Journalist and presenter Ashley John-Baptiste and first-year Geography student Stephanie Owen compare notes on their different journeys to Cambridge.

  • WORDS
    LUCY JOLIN
  • PHOTOGRAPHY
    MEGAN TAYLOR
- 4 minute read

When it was time for him to come up to Cambridge, 18-year-old Ashley John-Baptiste (Fitzwilliam 2008) left behind the London council flat where he had lived after leaving the care system. “I remember feeling out of place,” he says, now sitting in the room where he spent that first year, B3 at Fitzwilliam. “I remember that feeling of disadvantage: am I going to be able to hack Cambridge? But, looking back, I flourished here. I was meant to be here.”

And walking into B3 – formerly known as B6 and, in John-Baptiste’s day, Bottom B – feels “weirdly normal,” he says. “Walking round College feels the same! It has the same textures, tones and smells – it’s a sort of wood-polish, soft smell that you get when you walk past the Buttery and the bar.”
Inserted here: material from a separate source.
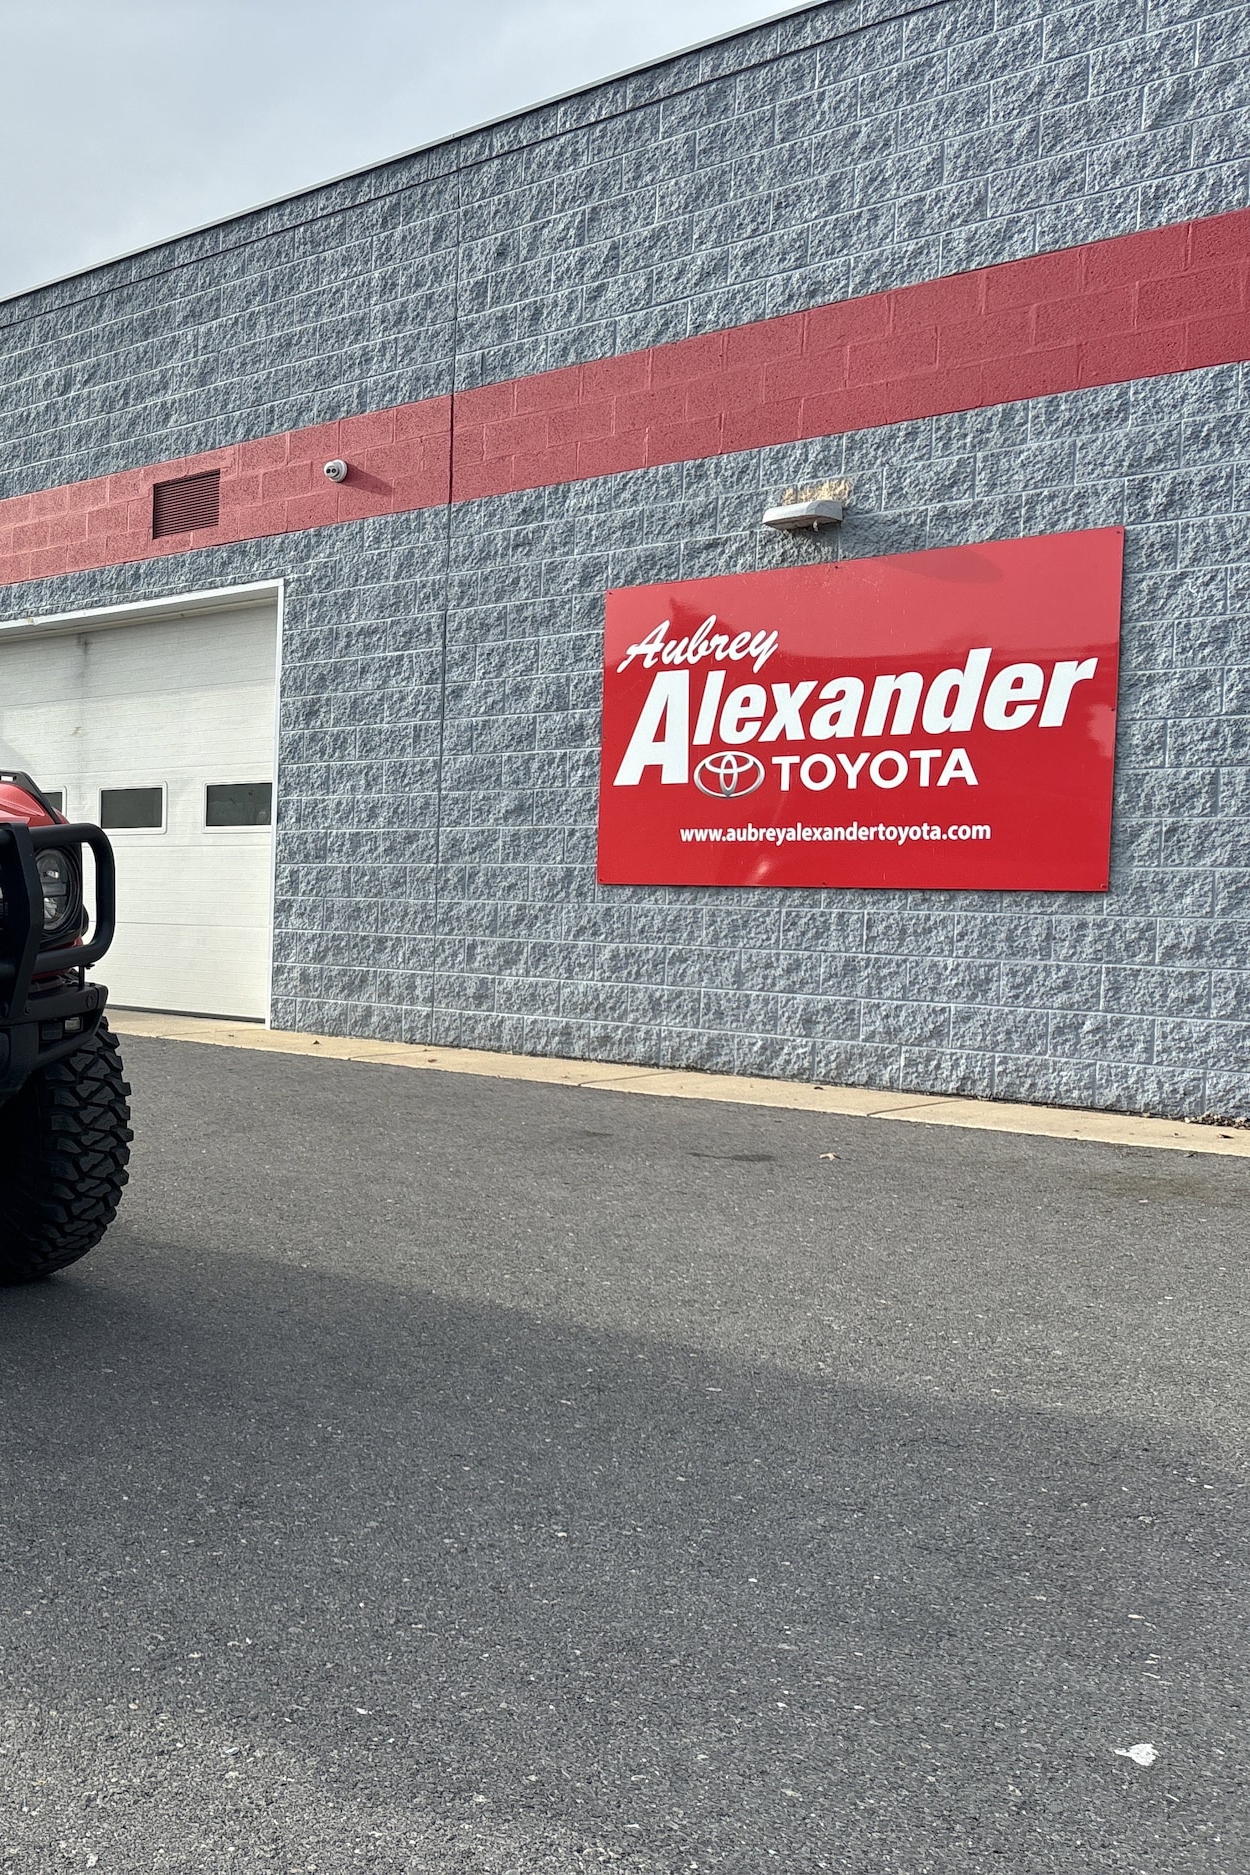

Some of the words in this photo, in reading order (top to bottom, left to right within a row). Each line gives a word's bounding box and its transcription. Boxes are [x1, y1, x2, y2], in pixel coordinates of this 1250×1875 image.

Ashley J Baptiste and Stephanie Owen
Ashley John-Baptiste and Stephanie Owen

The room is quite narrow, but does that clever Cambridge trick of packing a lot in, says current inhabitant Stephanie Owen (Geography, First Year). “I like the set-up, and the fact that we have spacious kitchens – with cookers! – and some shared living space. My room looks over the court, so you can see everything that’s going on. And if I keep my window open I can hear people’s conversations. That’s not as creepy as it sounds! It’s more that you feel like you’re always in College; you don’t feel siloed.”

clothes

Owen has surrounded herself with jewellery, clothes and posters, including a menu for beloved takeaway Gardies. “You’ve got a Gardies menu!” crows John-Baptiste. “That’s proper commitment to the Cambridge experience.” Neither of them, sadly, has hit the dizzy heights of having their photo on the Gardies wall, but Owen has hopes. “At least you’ve got the next two and a half years,” says John-Baptiste.

He didn’t bring much to B3, but what he did bring had a big impact. “All-purpose chicken seasoning!” he announces gleefully. “I was very sceptical about the seasoning game in Cambridge shops. I brought seasoning so if I cooked chicken, it would taste like the chicken I knew growing up.” It turned out to be a talking point. “In Freshers’ Week, we had a party and loads of people came back here and just scrutinised the chicken seasoning. But I brought lots of tunes as well. That’s what I was known for: tunes and all-purpose chicken seasoning.”

There were tough times in Bottom B as well, he says: coping with academic pressure and navigating a new community wasn’t easy. But Fitz dispelled a lot of Cambridge myths for John-Baptiste. “I was well-supported, and Fitz has a great culture for state school kids. You really do build a wicked, tight-knit community that for me was really important to get through the first year and this big, grand space of Cambridge.”

I was access officer, and the stuff I learned was just as important as my degree – how to use your voice, advocate, speak to the powers that be

Owen’s background is very different. Cambridge is a familiar place in her family: her parents met here while her mother was at Girton and her father at Sidney. But she has found the same sense of community at Fitz as John-Baptiste did. “Meeting so many people is really important to me. I can see myself staying friends for a long time with the friends I’ve made here, even after only four months. Sometimes I feel that I don’t go to Cambridge, I go to Fitz which happens to be in Cambridge. Because it’s just so… normal. I won’t get to do this twice. I want to make the most of that. I want to grow up a bit in this environment with so many opportunities.”

John-Baptiste nods. “You don’t need my advice, but those opportunities are so important,” he says. “I was the access officer, and the stuff I learned from that was just as important as my degree – how to use your voice, advocate, speak to the powers that be. Looking back, I am grateful for two things: first, my start in life, as a person in care who was shunted between homes – that informs my work as a journalist and filmmaker; but also, my time here. I learned to navigate privilege, spaces and opportunities that I just didn’t have before I came to Cambridge.”

Ashley John-Baptiste is a BBC broadcast journalist. Stephanie Owen hasn’t made the Gardies wall at time of going to press.